==== EXTRACTED DATA ====
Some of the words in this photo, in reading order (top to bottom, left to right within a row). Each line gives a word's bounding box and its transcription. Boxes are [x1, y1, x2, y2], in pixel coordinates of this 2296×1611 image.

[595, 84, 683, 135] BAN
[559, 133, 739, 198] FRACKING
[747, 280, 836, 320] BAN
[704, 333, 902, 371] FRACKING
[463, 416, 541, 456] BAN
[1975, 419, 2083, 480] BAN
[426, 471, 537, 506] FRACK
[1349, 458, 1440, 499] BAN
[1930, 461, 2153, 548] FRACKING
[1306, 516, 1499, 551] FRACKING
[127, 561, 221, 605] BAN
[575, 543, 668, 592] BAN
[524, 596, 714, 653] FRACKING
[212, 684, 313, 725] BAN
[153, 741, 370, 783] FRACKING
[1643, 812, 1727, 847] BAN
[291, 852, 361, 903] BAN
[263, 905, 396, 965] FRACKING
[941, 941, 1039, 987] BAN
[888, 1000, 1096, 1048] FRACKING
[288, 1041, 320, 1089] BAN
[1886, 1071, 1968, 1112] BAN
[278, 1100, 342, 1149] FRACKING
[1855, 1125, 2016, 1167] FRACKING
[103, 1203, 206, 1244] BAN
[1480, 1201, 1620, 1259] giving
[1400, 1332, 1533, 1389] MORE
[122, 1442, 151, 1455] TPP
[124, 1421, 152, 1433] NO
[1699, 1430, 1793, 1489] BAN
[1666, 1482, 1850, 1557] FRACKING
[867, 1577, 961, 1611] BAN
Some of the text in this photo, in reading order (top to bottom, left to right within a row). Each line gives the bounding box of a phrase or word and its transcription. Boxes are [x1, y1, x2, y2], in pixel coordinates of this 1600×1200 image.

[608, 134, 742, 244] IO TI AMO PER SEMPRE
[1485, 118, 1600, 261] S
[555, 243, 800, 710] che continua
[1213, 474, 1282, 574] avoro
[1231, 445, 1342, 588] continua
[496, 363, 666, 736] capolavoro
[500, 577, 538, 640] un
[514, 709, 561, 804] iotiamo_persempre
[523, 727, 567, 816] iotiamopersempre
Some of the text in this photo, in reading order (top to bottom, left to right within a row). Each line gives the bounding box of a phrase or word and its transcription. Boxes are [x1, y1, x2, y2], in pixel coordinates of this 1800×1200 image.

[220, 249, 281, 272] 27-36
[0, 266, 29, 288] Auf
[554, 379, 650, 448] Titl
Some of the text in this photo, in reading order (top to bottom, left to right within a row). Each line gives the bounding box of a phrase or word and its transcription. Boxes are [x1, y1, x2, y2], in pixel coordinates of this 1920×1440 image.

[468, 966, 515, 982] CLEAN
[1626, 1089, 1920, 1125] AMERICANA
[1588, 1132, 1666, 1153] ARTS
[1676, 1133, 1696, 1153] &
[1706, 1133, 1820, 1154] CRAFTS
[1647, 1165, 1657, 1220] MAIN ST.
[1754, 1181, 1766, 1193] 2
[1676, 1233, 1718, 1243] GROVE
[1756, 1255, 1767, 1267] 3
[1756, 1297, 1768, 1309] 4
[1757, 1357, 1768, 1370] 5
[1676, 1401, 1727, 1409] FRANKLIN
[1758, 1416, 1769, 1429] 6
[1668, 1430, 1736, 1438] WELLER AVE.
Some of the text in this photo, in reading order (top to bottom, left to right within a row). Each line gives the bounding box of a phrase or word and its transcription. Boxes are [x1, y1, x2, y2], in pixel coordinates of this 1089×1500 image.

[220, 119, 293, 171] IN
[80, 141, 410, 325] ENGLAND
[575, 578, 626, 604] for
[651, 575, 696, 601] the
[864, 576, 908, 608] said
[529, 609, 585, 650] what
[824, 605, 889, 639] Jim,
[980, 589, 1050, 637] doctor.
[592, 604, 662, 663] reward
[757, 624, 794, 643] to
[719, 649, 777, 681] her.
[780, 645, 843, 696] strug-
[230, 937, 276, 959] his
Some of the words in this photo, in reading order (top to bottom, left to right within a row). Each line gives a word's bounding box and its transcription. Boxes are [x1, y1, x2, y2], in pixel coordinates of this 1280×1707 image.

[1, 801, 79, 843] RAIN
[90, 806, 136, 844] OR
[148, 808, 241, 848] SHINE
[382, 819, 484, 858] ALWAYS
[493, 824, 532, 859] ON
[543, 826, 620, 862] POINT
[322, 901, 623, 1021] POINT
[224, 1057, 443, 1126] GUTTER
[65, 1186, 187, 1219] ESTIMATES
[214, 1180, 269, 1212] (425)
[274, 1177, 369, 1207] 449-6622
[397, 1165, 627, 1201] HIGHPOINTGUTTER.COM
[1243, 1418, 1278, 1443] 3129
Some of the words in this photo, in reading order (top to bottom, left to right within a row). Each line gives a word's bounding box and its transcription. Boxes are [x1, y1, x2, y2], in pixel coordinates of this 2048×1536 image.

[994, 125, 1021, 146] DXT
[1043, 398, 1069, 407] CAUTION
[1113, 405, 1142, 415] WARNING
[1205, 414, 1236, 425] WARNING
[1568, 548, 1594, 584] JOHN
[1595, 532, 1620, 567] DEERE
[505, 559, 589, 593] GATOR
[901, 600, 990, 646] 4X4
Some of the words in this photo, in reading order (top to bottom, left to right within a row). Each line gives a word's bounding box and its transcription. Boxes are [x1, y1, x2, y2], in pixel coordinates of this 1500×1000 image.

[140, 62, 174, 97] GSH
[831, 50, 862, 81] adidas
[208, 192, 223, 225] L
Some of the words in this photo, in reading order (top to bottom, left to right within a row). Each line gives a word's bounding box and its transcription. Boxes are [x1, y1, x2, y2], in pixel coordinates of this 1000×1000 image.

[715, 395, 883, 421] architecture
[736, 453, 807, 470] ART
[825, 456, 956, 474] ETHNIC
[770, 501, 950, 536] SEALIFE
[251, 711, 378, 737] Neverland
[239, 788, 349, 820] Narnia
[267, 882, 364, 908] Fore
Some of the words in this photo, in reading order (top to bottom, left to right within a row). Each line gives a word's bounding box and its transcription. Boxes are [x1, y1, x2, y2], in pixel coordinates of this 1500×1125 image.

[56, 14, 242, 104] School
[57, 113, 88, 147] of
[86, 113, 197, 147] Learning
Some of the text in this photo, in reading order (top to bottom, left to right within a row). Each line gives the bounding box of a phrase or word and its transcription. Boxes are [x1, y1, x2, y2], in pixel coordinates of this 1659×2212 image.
====
The records above are to be duplicated exactly, every one of them.

Some of the words in this photo, in reading order (top to bottom, left to right within a row). Each line gives a word's bounding box and its transcription. Boxes are [x1, y1, x2, y2], in pixel coordinates of this 2296×1611 image.

[595, 84, 683, 135] BAN
[559, 133, 739, 198] FRACKING
[747, 280, 836, 320] BAN
[704, 333, 902, 371] FRACKING
[463, 416, 541, 456] BAN
[1975, 419, 2083, 480] BAN
[426, 471, 537, 506] FRACK
[1349, 458, 1440, 499] BAN
[1930, 461, 2153, 548] FRACKING
[1306, 516, 1499, 551] FRACKING
[127, 561, 221, 605] BAN
[575, 543, 668, 592] BAN
[524, 596, 714, 653] FRACKING
[212, 684, 313, 725] BAN
[153, 741, 370, 783] FRACKING
[1643, 812, 1727, 847] BAN
[291, 852, 361, 903] BAN
[263, 905, 396, 965] FRACKING
[941, 941, 1039, 987] BAN
[888, 1000, 1096, 1048] FRACKING
[288, 1041, 320, 1089] BAN
[1886, 1071, 1968, 1112] BAN
[278, 1100, 342, 1149] FRACKING
[1855, 1125, 2016, 1167] FRACKING
[103, 1203, 206, 1244] BAN
[1480, 1201, 1620, 1259] giving
[1400, 1332, 1533, 1389] MORE
[122, 1442, 151, 1455] TPP
[124, 1421, 152, 1433] NO
[1699, 1430, 1793, 1489] BAN
[1666, 1482, 1850, 1557] FRACKING
[867, 1577, 961, 1611] BAN
Some of the text in this photo, in reading order (top to bottom, left to right within a row). Each line gives the bounding box of a phrase or word and its transcription. Boxes are [x1, y1, x2, y2], in pixel coordinates of this 1600×1200 image.

[608, 134, 742, 244] IO TI AMO PER SEMPRE
[1485, 118, 1600, 261] S
[555, 243, 800, 710] che continua
[1213, 474, 1282, 574] avoro
[1231, 445, 1342, 588] continua
[496, 363, 666, 736] capolavoro
[500, 577, 538, 640] un
[514, 709, 561, 804] iotiamo_persempre
[523, 727, 567, 816] iotiamopersempre
Some of the text in this photo, in reading order (top to bottom, left to right within a row). Each line gives the bounding box of a phrase or word and its transcription. Boxes are [x1, y1, x2, y2], in pixel coordinates of this 1800×1200 image.

[220, 249, 281, 272] 27-36
[0, 266, 29, 288] Auf
[554, 379, 650, 448] Titl
Some of the text in this photo, in reading order (top to bottom, left to right within a row). Each line gives the bounding box of a phrase or word and its transcription. Boxes are [x1, y1, x2, y2], in pixel coordinates of this 1920×1440 image.

[468, 966, 515, 982] CLEAN
[1626, 1089, 1920, 1125] AMERICANA
[1588, 1132, 1666, 1153] ARTS
[1676, 1133, 1696, 1153] &
[1706, 1133, 1820, 1154] CRAFTS
[1647, 1165, 1657, 1220] MAIN ST.
[1754, 1181, 1766, 1193] 2
[1676, 1233, 1718, 1243] GROVE
[1756, 1255, 1767, 1267] 3
[1756, 1297, 1768, 1309] 4
[1757, 1357, 1768, 1370] 5
[1676, 1401, 1727, 1409] FRANKLIN
[1758, 1416, 1769, 1429] 6
[1668, 1430, 1736, 1438] WELLER AVE.
Some of the text in this photo, in reading order (top to bottom, left to right within a row). Each line gives the bounding box of a phrase or word and its transcription. Boxes are [x1, y1, x2, y2], in pixel coordinates of this 1089×1500 image.

[220, 119, 293, 171] IN
[80, 141, 410, 325] ENGLAND
[575, 578, 626, 604] for
[651, 575, 696, 601] the
[864, 576, 908, 608] said
[529, 609, 585, 650] what
[824, 605, 889, 639] Jim,
[980, 589, 1050, 637] doctor.
[592, 604, 662, 663] reward
[757, 624, 794, 643] to
[719, 649, 777, 681] her.
[780, 645, 843, 696] strug-
[230, 937, 276, 959] his
Some of the words in this photo, in reading order (top to bottom, left to right within a row). Each line gives a word's bounding box and its transcription. Boxes are [x1, y1, x2, y2], in pixel coordinates of this 1280×1707 image.

[1, 801, 79, 843] RAIN
[90, 806, 136, 844] OR
[148, 808, 241, 848] SHINE
[382, 819, 484, 858] ALWAYS
[493, 824, 532, 859] ON
[543, 826, 620, 862] POINT
[322, 901, 623, 1021] POINT
[224, 1057, 443, 1126] GUTTER
[65, 1186, 187, 1219] ESTIMATES
[214, 1180, 269, 1212] (425)
[274, 1177, 369, 1207] 449-6622
[397, 1165, 627, 1201] HIGHPOINTGUTTER.COM
[1243, 1418, 1278, 1443] 3129
Some of the words in this photo, in reading order (top to bottom, left to right within a row). Each line gives a word's bounding box and its transcription. Boxes are [x1, y1, x2, y2], in pixel coordinates of this 2048×1536 image.

[994, 125, 1021, 146] DXT
[1043, 398, 1069, 407] CAUTION
[1113, 405, 1142, 415] WARNING
[1205, 414, 1236, 425] WARNING
[1568, 548, 1594, 584] JOHN
[1595, 532, 1620, 567] DEERE
[505, 559, 589, 593] GATOR
[901, 600, 990, 646] 4X4
Some of the words in this photo, in reading order (top to bottom, left to right within a row). Each line gives a word's bounding box and its transcription. Boxes are [x1, y1, x2, y2], in pixel coordinates of this 1500×1000 image.

[140, 62, 174, 97] GSH
[831, 50, 862, 81] adidas
[208, 192, 223, 225] L
Some of the words in this photo, in reading order (top to bottom, left to right within a row). Each line gives a word's bounding box and its transcription. Boxes are [x1, y1, x2, y2], in pixel coordinates of this 1000×1000 image.

[715, 395, 883, 421] architecture
[736, 453, 807, 470] ART
[825, 456, 956, 474] ETHNIC
[770, 501, 950, 536] SEALIFE
[251, 711, 378, 737] Neverland
[239, 788, 349, 820] Narnia
[267, 882, 364, 908] Fore
Some of the words in this photo, in reading order (top to bottom, left to right within a row). Each line gives a word's bounding box and its transcription. Boxes are [x1, y1, x2, y2], in pixel coordinates of this 1500×1125 image.

[56, 14, 242, 104] School
[57, 113, 88, 147] of
[86, 113, 197, 147] Learning
Some of the text in this photo, in reading order (top to bottom, left to right within a row). Each line gives the bounding box of a phrase or word and its transcription. Boxes are [x1, y1, x2, y2], in pixel coordinates of this 1659×2212 image.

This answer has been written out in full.